===== INPUT MATERIAL =====

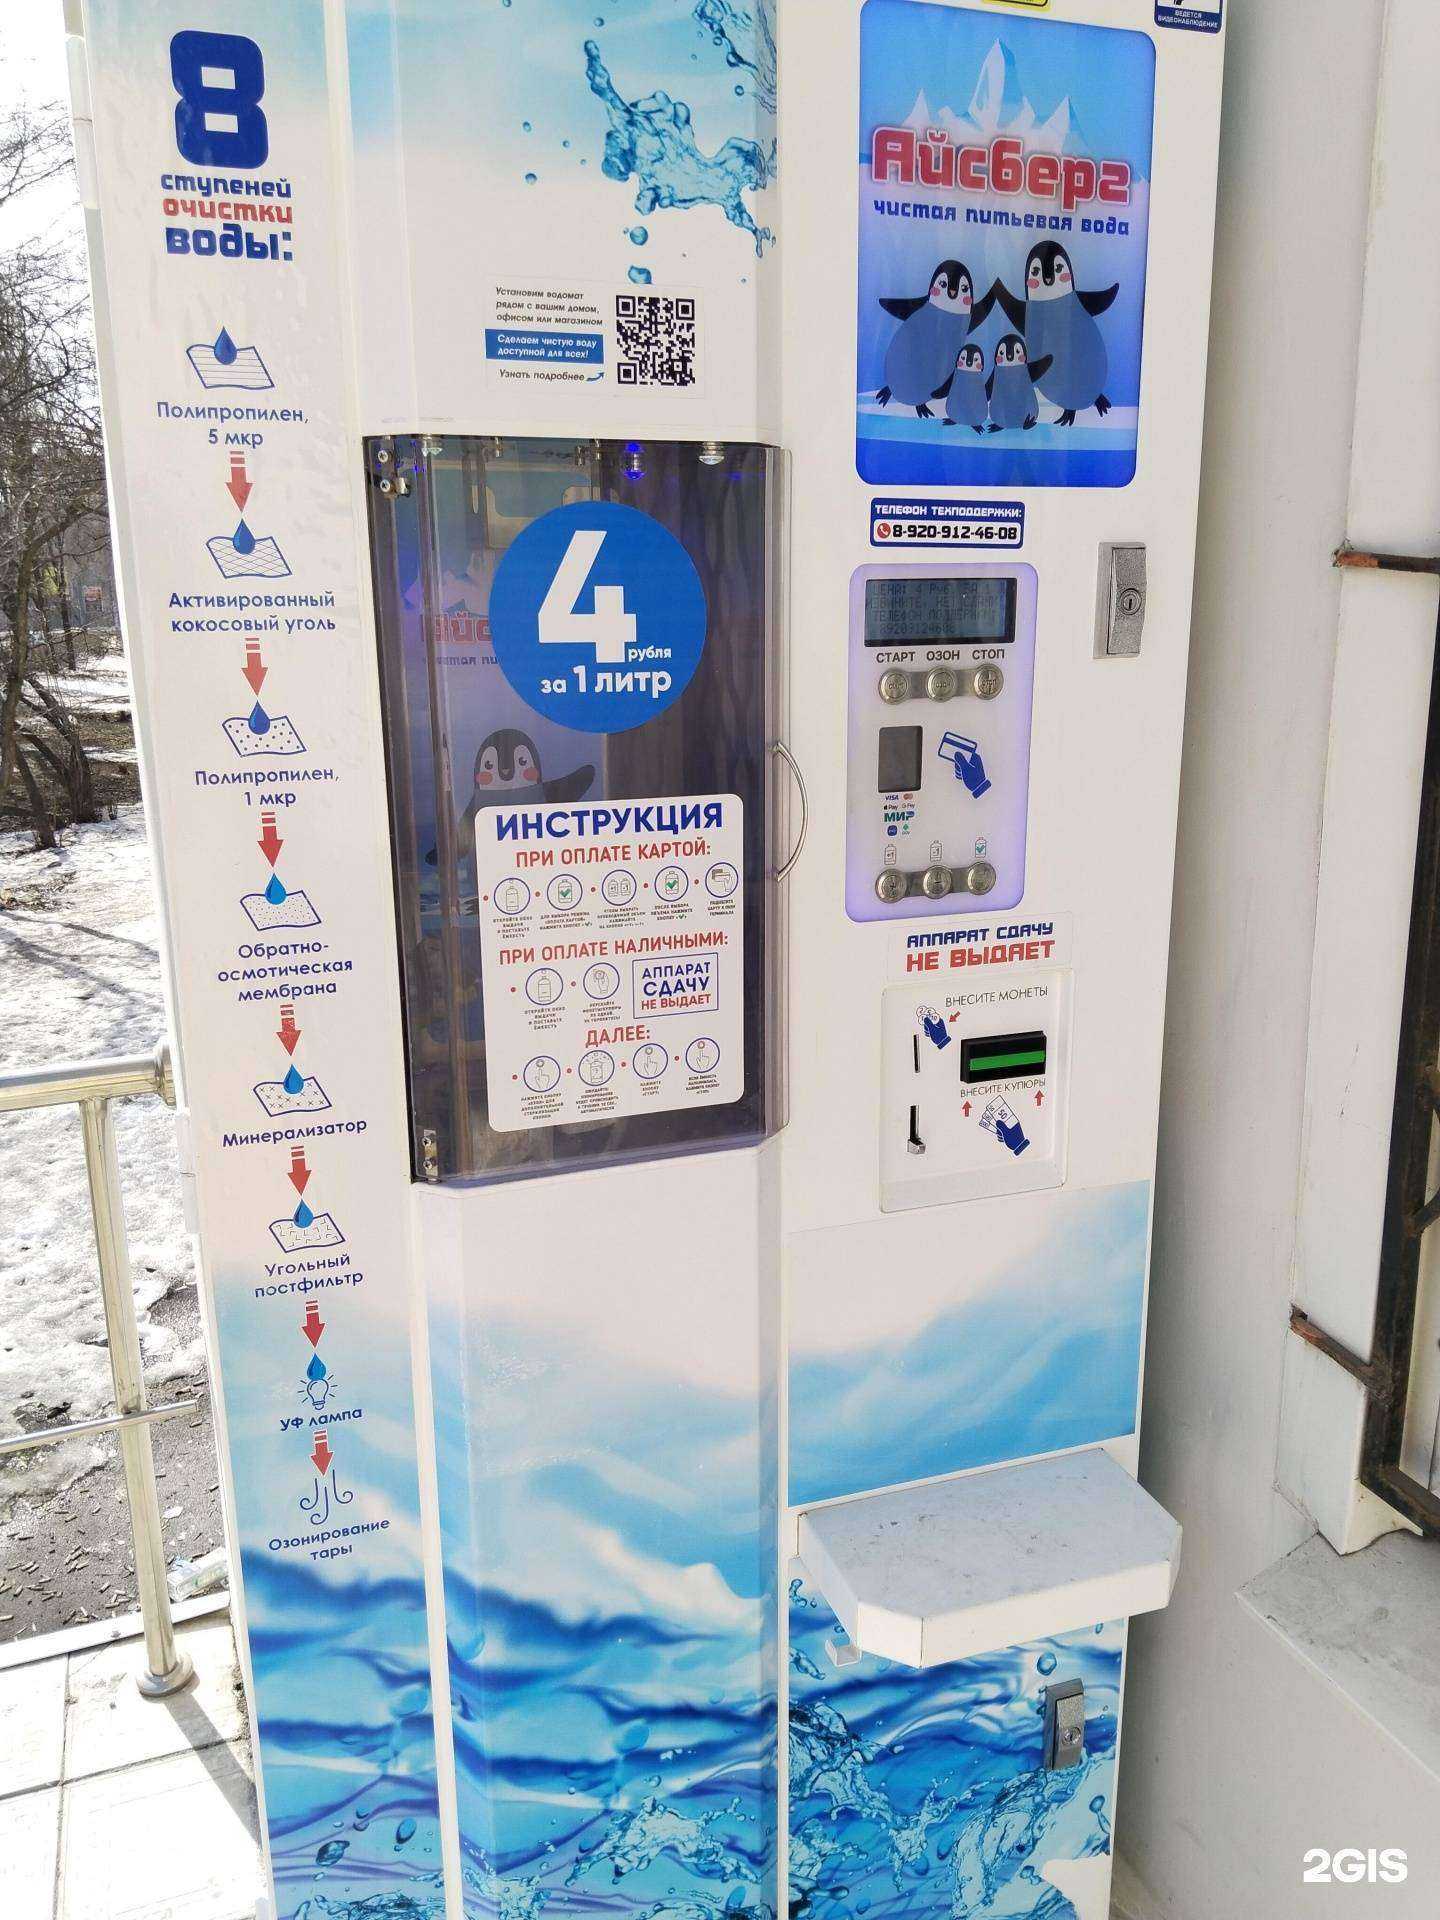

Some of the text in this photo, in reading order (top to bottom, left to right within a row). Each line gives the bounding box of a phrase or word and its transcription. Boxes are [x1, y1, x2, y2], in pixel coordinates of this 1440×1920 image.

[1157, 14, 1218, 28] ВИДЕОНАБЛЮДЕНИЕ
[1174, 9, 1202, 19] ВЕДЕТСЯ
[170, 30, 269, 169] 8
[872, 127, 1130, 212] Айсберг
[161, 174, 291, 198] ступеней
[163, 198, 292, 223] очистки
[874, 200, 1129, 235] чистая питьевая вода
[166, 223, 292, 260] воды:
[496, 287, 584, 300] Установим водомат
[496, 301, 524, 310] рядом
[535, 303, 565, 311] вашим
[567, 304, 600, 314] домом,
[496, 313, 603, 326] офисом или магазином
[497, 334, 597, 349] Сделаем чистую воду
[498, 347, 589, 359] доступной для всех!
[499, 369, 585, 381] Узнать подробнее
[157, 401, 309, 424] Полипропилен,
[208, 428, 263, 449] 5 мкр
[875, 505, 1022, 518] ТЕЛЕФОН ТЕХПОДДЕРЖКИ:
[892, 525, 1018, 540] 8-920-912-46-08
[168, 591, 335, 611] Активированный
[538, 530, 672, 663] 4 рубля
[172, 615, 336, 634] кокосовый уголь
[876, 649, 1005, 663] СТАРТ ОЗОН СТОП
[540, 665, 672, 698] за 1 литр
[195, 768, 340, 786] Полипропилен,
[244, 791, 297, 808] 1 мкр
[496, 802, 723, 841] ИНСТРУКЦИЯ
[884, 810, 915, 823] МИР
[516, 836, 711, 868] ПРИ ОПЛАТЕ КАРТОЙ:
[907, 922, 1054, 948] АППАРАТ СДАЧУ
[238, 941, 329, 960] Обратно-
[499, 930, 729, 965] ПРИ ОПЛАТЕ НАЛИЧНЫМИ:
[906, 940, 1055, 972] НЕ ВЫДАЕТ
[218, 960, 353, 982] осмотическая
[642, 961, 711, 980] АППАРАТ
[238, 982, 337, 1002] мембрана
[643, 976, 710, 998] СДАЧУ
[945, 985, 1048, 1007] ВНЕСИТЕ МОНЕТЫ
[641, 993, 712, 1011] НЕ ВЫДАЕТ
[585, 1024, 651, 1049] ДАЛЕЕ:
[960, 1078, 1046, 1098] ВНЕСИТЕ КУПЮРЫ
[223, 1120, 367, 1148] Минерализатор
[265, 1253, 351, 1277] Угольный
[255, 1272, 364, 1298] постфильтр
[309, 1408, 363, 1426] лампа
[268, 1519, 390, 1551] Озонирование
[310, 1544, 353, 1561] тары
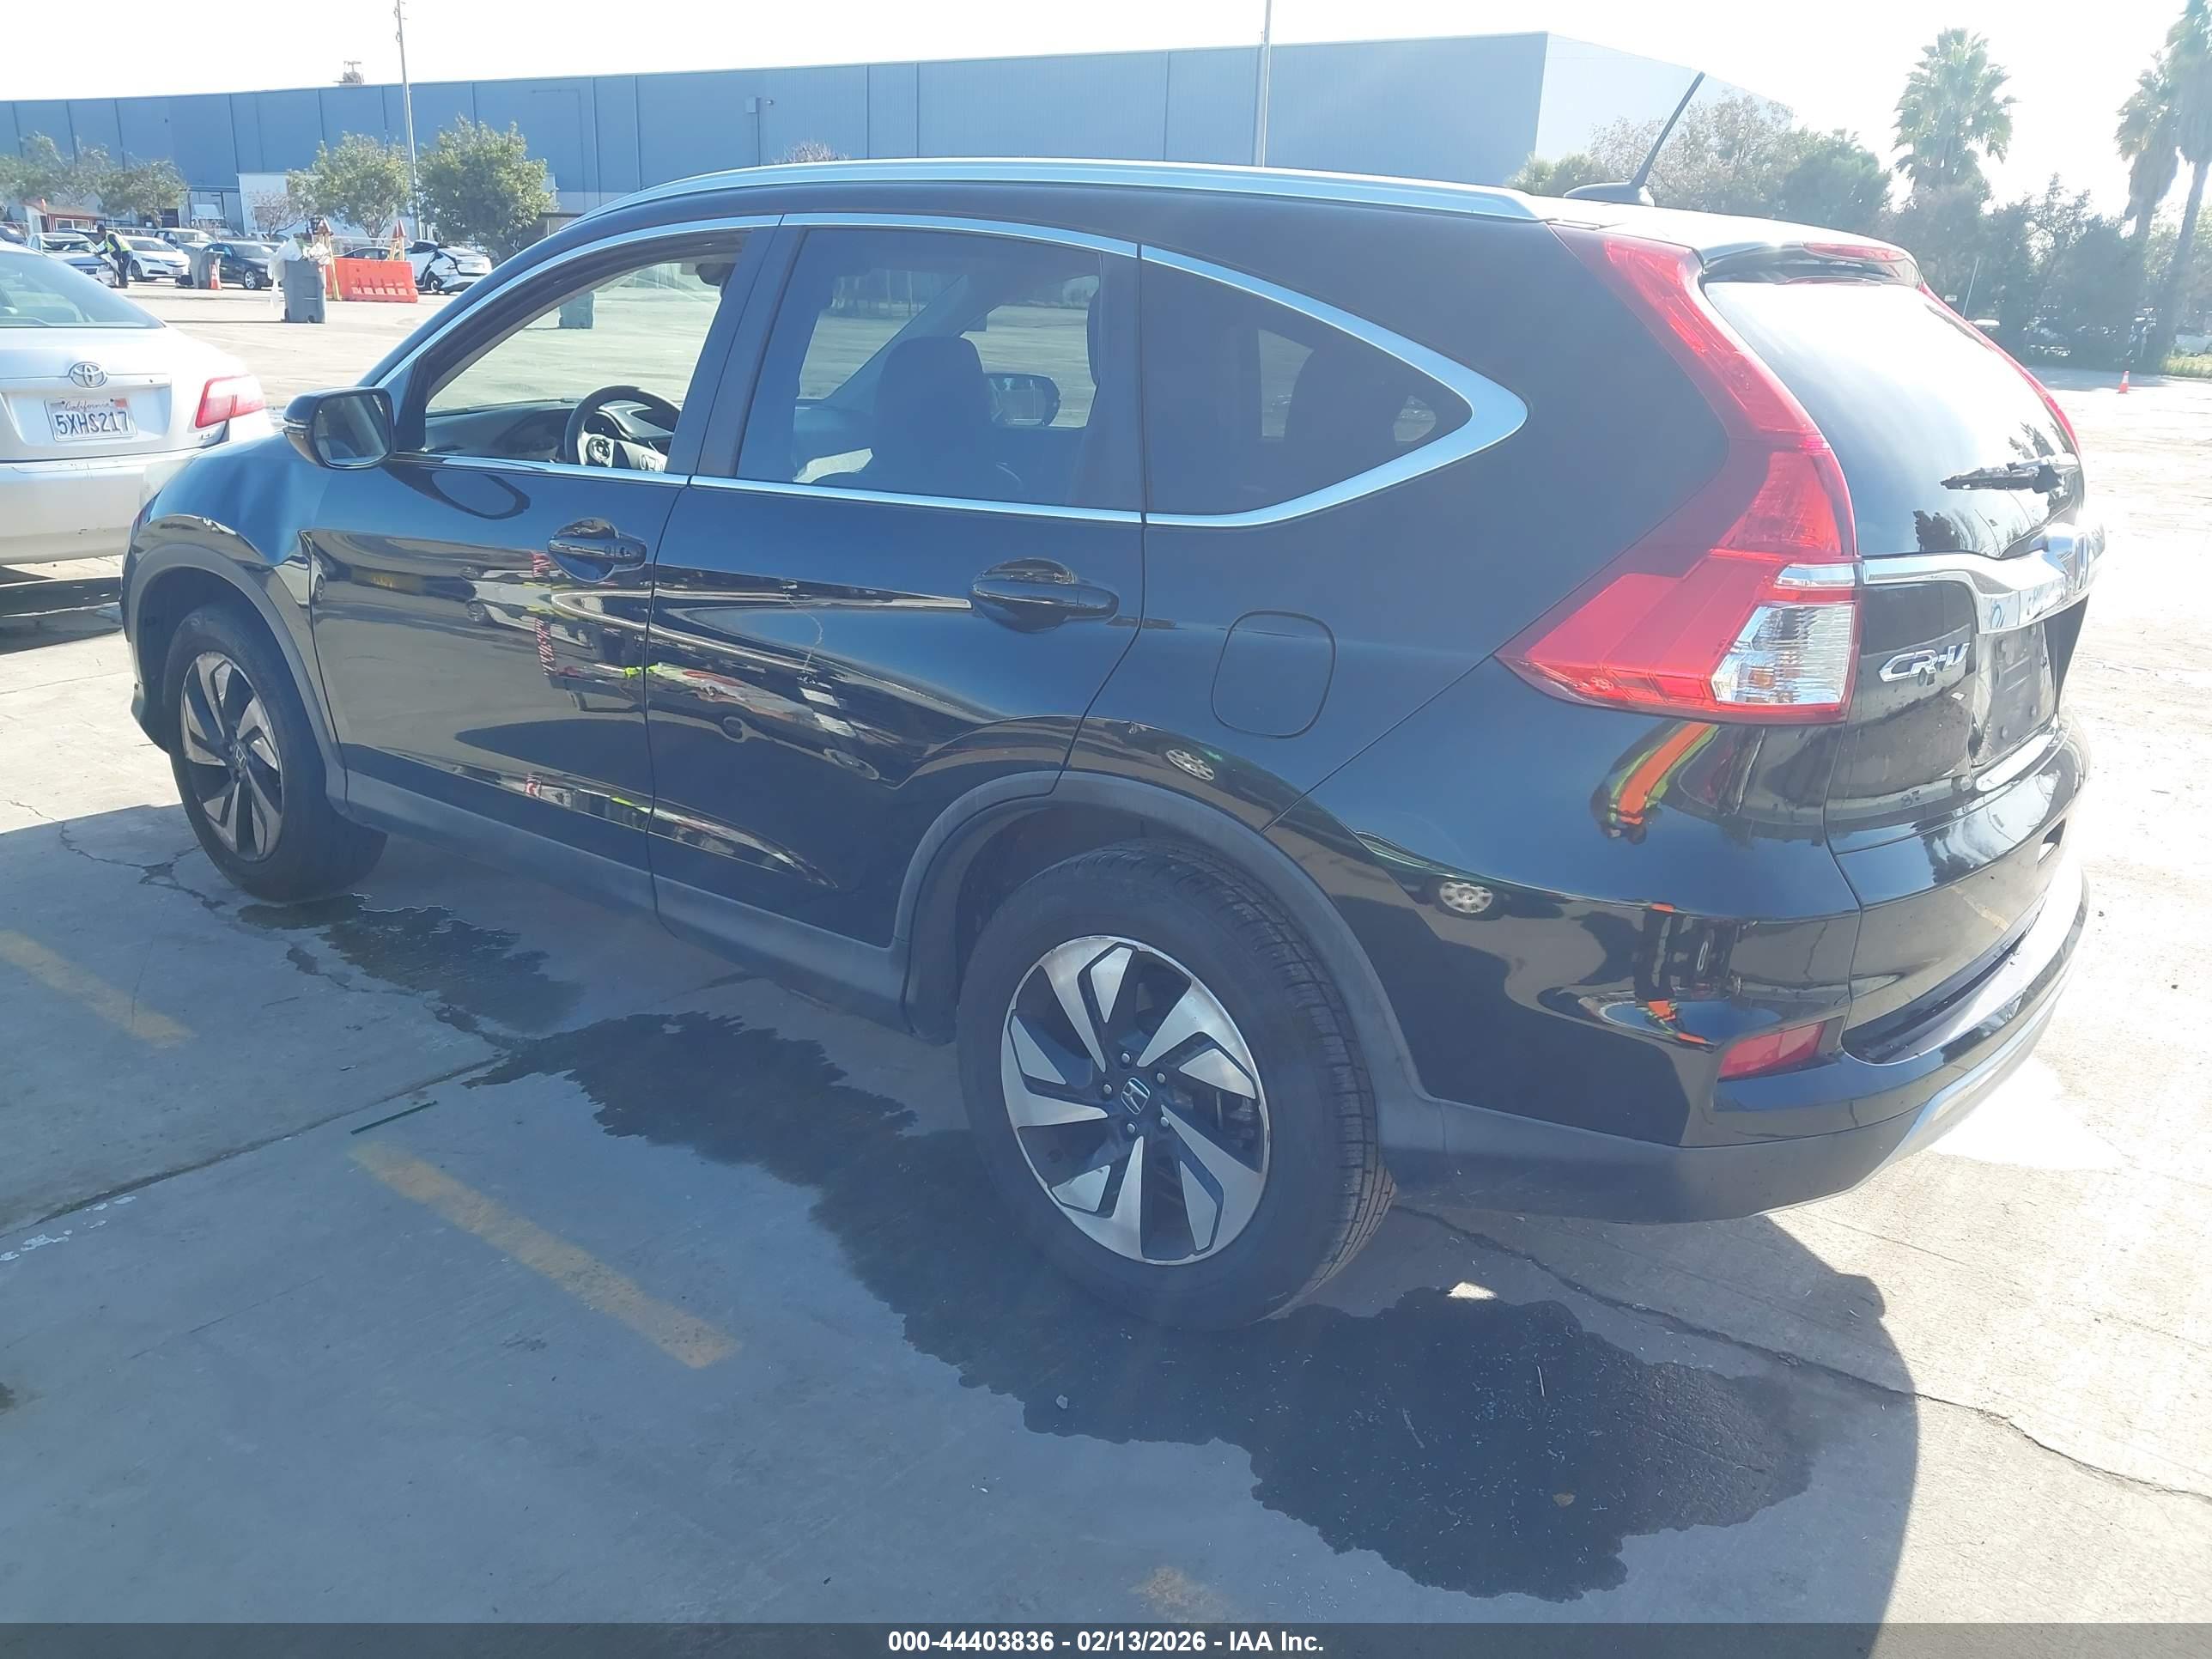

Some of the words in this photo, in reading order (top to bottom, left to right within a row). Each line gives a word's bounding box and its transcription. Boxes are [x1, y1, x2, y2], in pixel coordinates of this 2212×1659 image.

=====

**PROBLEM TO SOLVE**
Copy each of the entries above precisely, and drop whatever pictures they hold.

**ANSWER TO THE PROBLEM**
Some of the text in this photo, in reading order (top to bottom, left to right within a row). Each line gives the bounding box of a phrase or word and its transcription. Boxes are [x1, y1, x2, y2], in pixel coordinates of this 1440×1920 image.

[1157, 14, 1218, 28] ВИДЕОНАБЛЮДЕНИЕ
[1174, 9, 1202, 19] ВЕДЕТСЯ
[170, 30, 269, 169] 8
[872, 127, 1130, 212] Айсберг
[161, 174, 291, 198] ступеней
[163, 198, 292, 223] очистки
[874, 200, 1129, 235] чистая питьевая вода
[166, 223, 292, 260] воды:
[496, 287, 584, 300] Установим водомат
[496, 301, 524, 310] рядом
[535, 303, 565, 311] вашим
[567, 304, 600, 314] домом,
[496, 313, 603, 326] офисом или магазином
[497, 334, 597, 349] Сделаем чистую воду
[498, 347, 589, 359] доступной для всех!
[499, 369, 585, 381] Узнать подробнее
[157, 401, 309, 424] Полипропилен,
[208, 428, 263, 449] 5 мкр
[875, 505, 1022, 518] ТЕЛЕФОН ТЕХПОДДЕРЖКИ:
[892, 525, 1018, 540] 8-920-912-46-08
[168, 591, 335, 611] Активированный
[538, 530, 672, 663] 4 рубля
[172, 615, 336, 634] кокосовый уголь
[876, 649, 1005, 663] СТАРТ ОЗОН СТОП
[540, 665, 672, 698] за 1 литр
[195, 768, 340, 786] Полипропилен,
[244, 791, 297, 808] 1 мкр
[496, 802, 723, 841] ИНСТРУКЦИЯ
[884, 810, 915, 823] МИР
[516, 836, 711, 868] ПРИ ОПЛАТЕ КАРТОЙ:
[907, 922, 1054, 948] АППАРАТ СДАЧУ
[238, 941, 329, 960] Обратно-
[499, 930, 729, 965] ПРИ ОПЛАТЕ НАЛИЧНЫМИ:
[906, 940, 1055, 972] НЕ ВЫДАЕТ
[218, 960, 353, 982] осмотическая
[642, 961, 711, 980] АППАРАТ
[238, 982, 337, 1002] мембрана
[643, 976, 710, 998] СДАЧУ
[945, 985, 1048, 1007] ВНЕСИТЕ МОНЕТЫ
[641, 993, 712, 1011] НЕ ВЫДАЕТ
[585, 1024, 651, 1049] ДАЛЕЕ:
[960, 1078, 1046, 1098] ВНЕСИТЕ КУПЮРЫ
[223, 1120, 367, 1148] Минерализатор
[265, 1253, 351, 1277] Угольный
[255, 1272, 364, 1298] постфильтр
[309, 1408, 363, 1426] лампа
[268, 1519, 390, 1551] Озонирование
[310, 1544, 353, 1561] тары

Some of the words in this photo, in reading order (top to bottom, left to right within a row). Each line gives a word's bounding box and its transcription. Boxes are [x1, y1, x2, y2], in pixel coordinates of this 2212×1659 image.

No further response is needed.